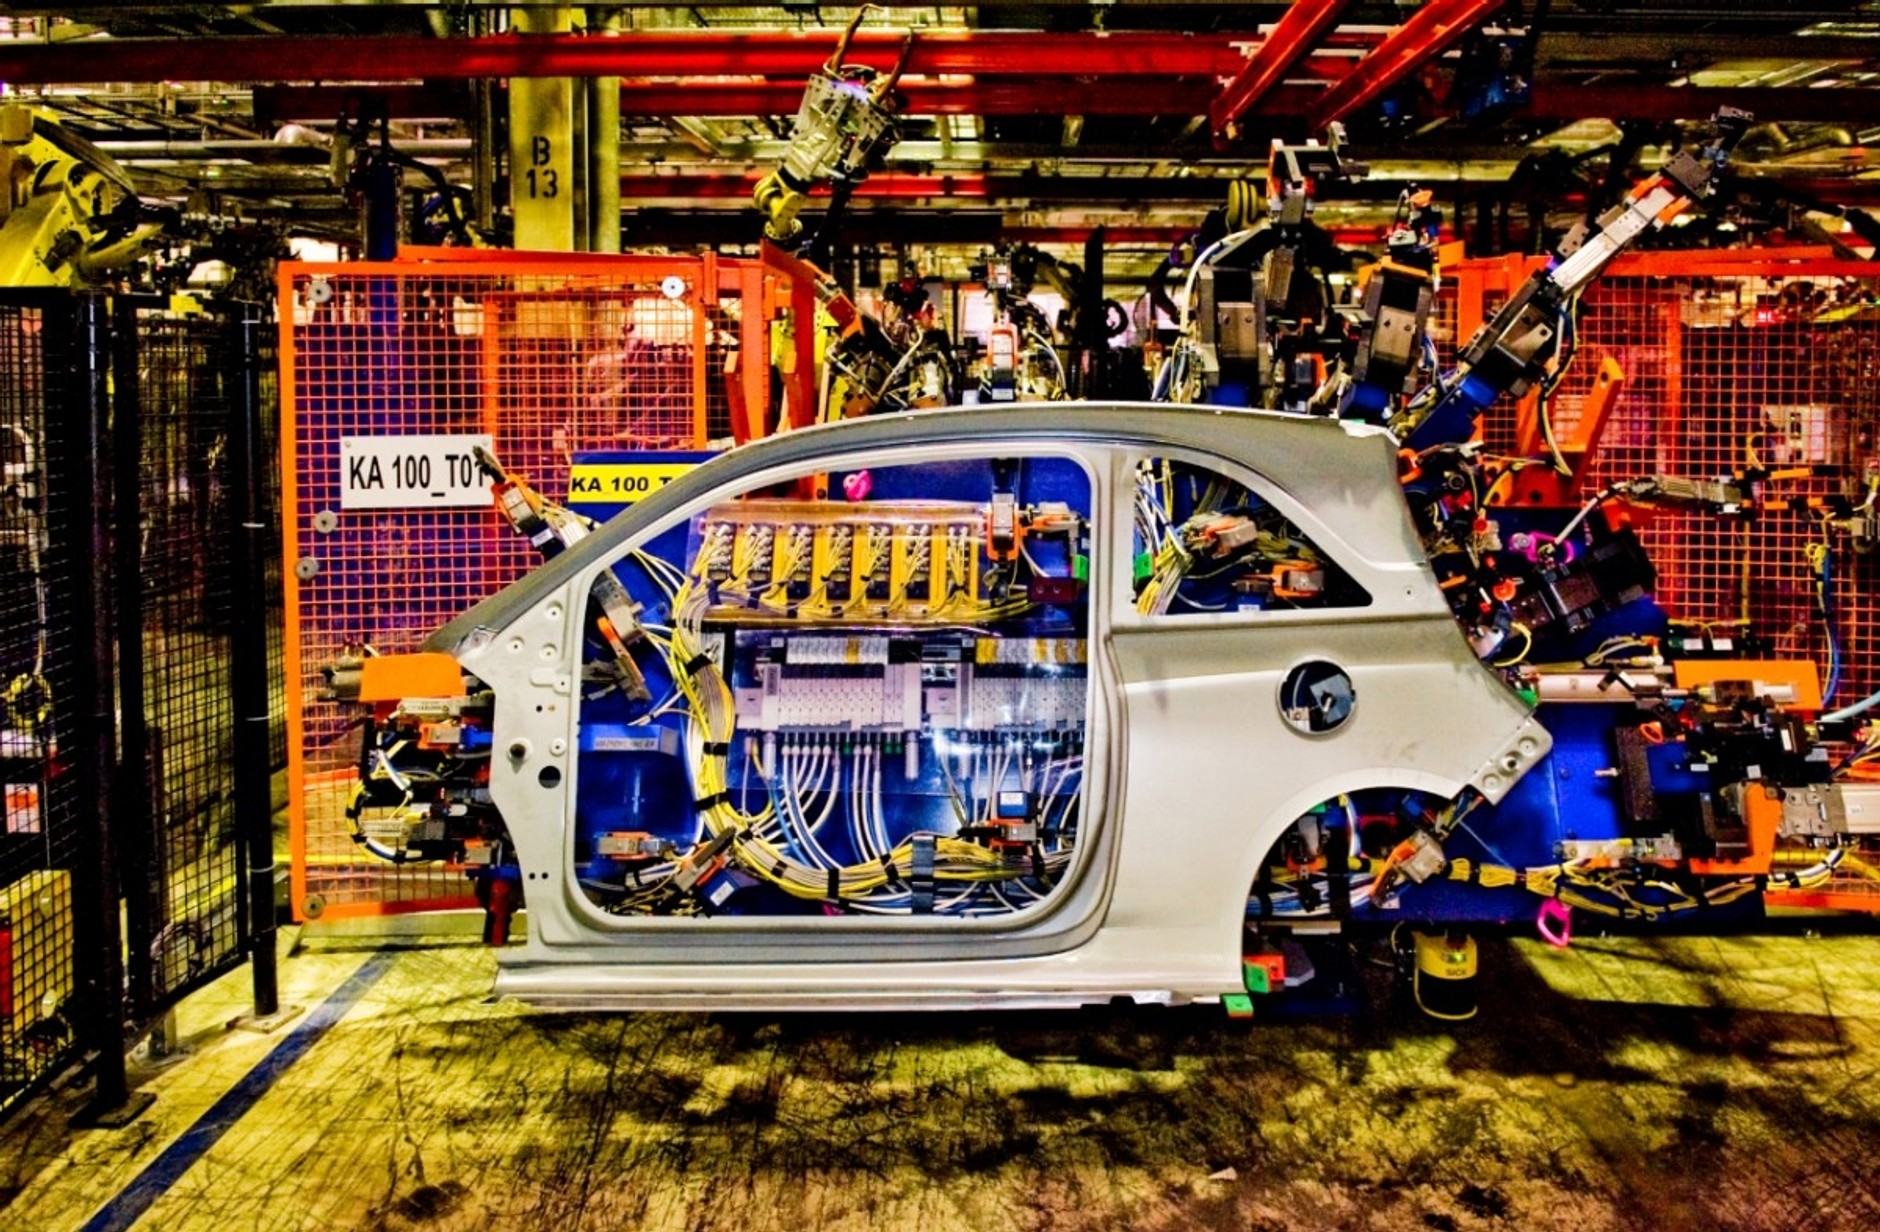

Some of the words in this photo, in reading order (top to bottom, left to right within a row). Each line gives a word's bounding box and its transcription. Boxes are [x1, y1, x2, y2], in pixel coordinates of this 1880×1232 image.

[532, 136, 550, 166] B
[526, 169, 558, 199] 13
[349, 455, 384, 489] KA
[571, 477, 602, 492] KA
[611, 476, 649, 492] 100
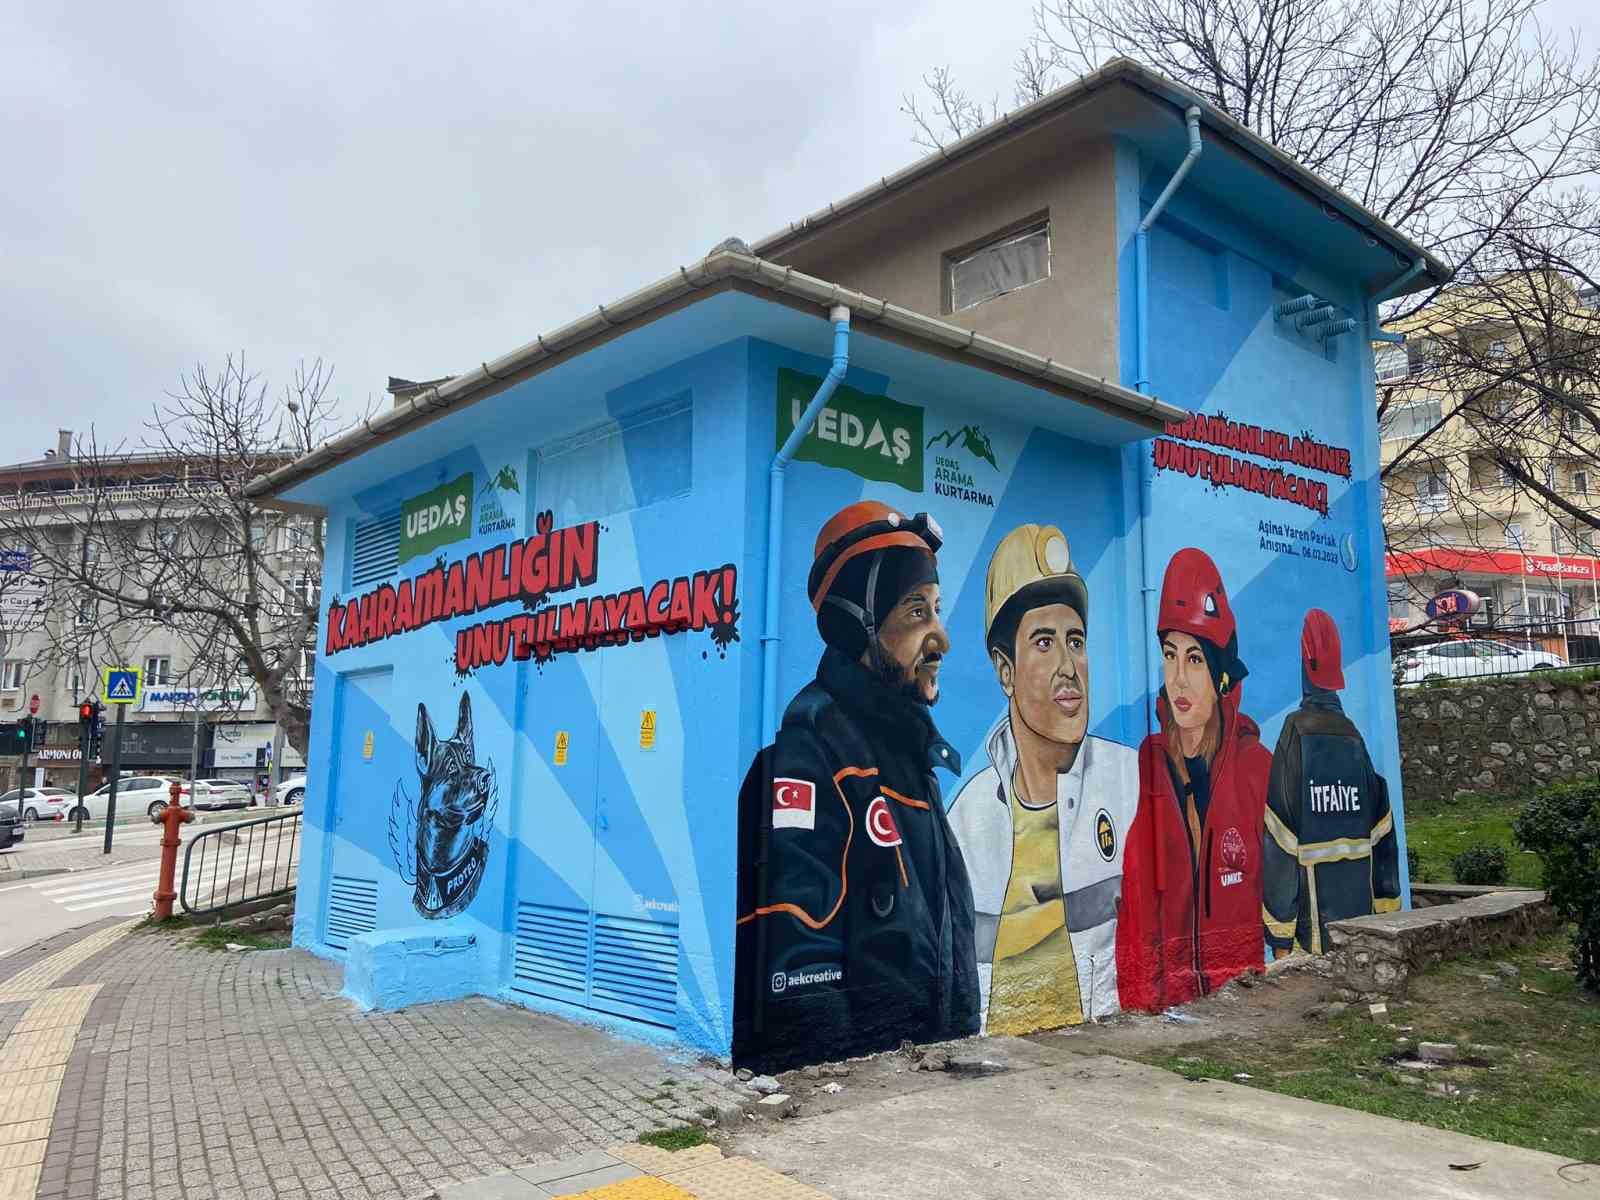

^^^^^^^^

- _Work order_
Skip the pictures, then write out every entry exactly.

- _Reply_
Some of the words in this photo, in reading order (top to bottom, left to right within a row). Each line gives a word's bounding box and its transcription. Boxes are [x1, y1, x2, y2], in pixel coordinates of this 1880×1232 image.

[532, 136, 550, 166] B
[526, 169, 558, 199] 13
[349, 455, 384, 489] KA
[571, 477, 602, 492] KA
[611, 476, 649, 492] 100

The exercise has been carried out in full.